Average reduction in expected energy not supplied (EENS) with crown thinning

Fig. 12
figure 12

Average reduction in power distribution system (PDS) restoration time with crown thinning

4 Conclusion and Future Work

This study proposed an integrated framework for modeling the resilience of PDS against extreme winds, which can simultaneously consider tree failures, PDS component failures induced by falling trees, resilience assessment, and evaluation of resilience enhancement with vegetation management. To consider the impact of tree failures, we developed parameterized fragility models for tree failures and tree-induced PDS component failures.

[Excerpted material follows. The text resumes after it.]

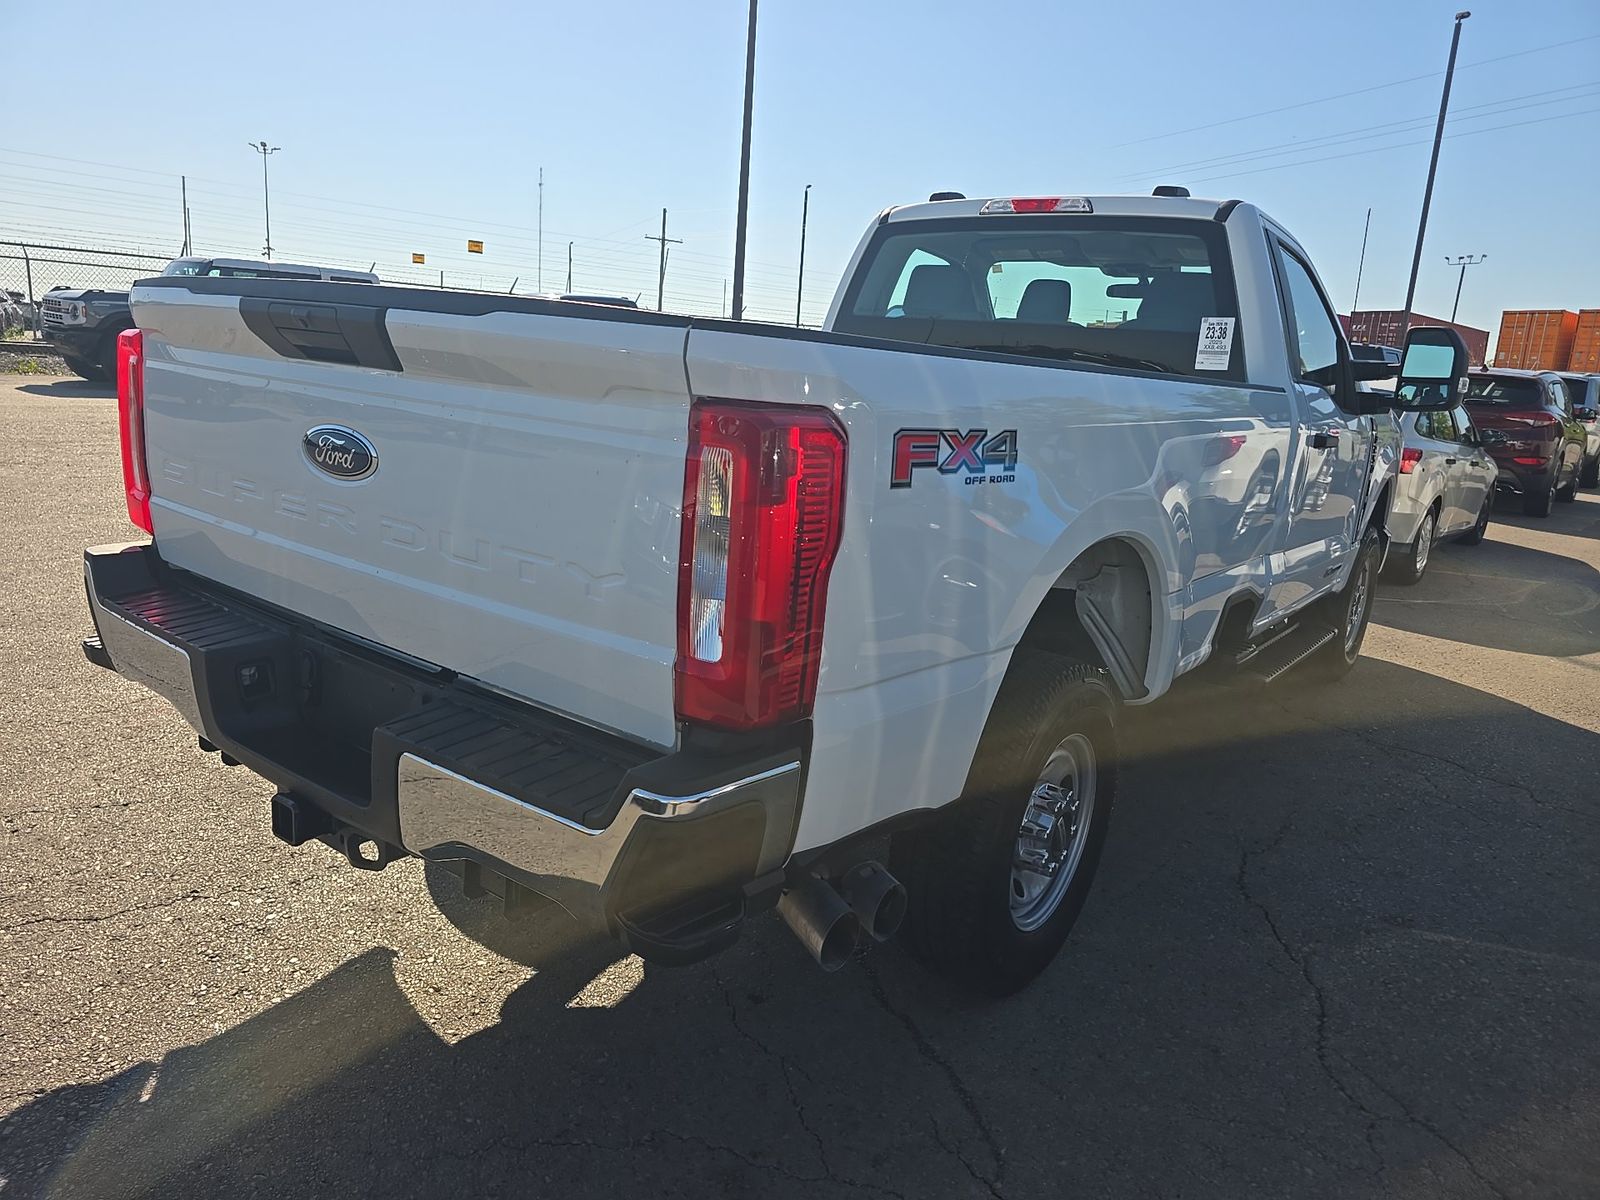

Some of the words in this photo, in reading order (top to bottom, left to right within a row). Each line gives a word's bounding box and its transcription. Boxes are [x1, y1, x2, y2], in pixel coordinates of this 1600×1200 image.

Crown thinning, which focuses on hazardous trees along power lines, was used as a vegetation management method to reduce the windthrow probability of trees and enhance the system’s resilience. An example was presented to demonstrate the applicability of the framework. In the example, the resilience of a power distribution network in Oklahoma was assessed, and the effectiveness of crown thinning in enhancing the system resilience was evaluated. Some conclusions have been drawn as follows:

  1. (1)

    As the wind speed increases, the system performance decreases, and the recovery time increases nonlinearly.

  2. (2)

    The system resilience varies with the wind direction, but the variation depends on the topology of the network and the distribution of the trees in the network.

  3. (3)

    Neglecting tree failures can lead to an overestimation of PDS resilience.

  4. (4)

    Crown thinning can effectively enhance the system resilience by reducing the EENS and restoration time, but the effectiveness is affected by both wind speed and direction.

This study can be improved with future work. For example, failures of branches and limbs can be considered with a refined finite element tree model. In addition, the PDS component failure estimation model can be improved by considering the dynamic effect of falling trees.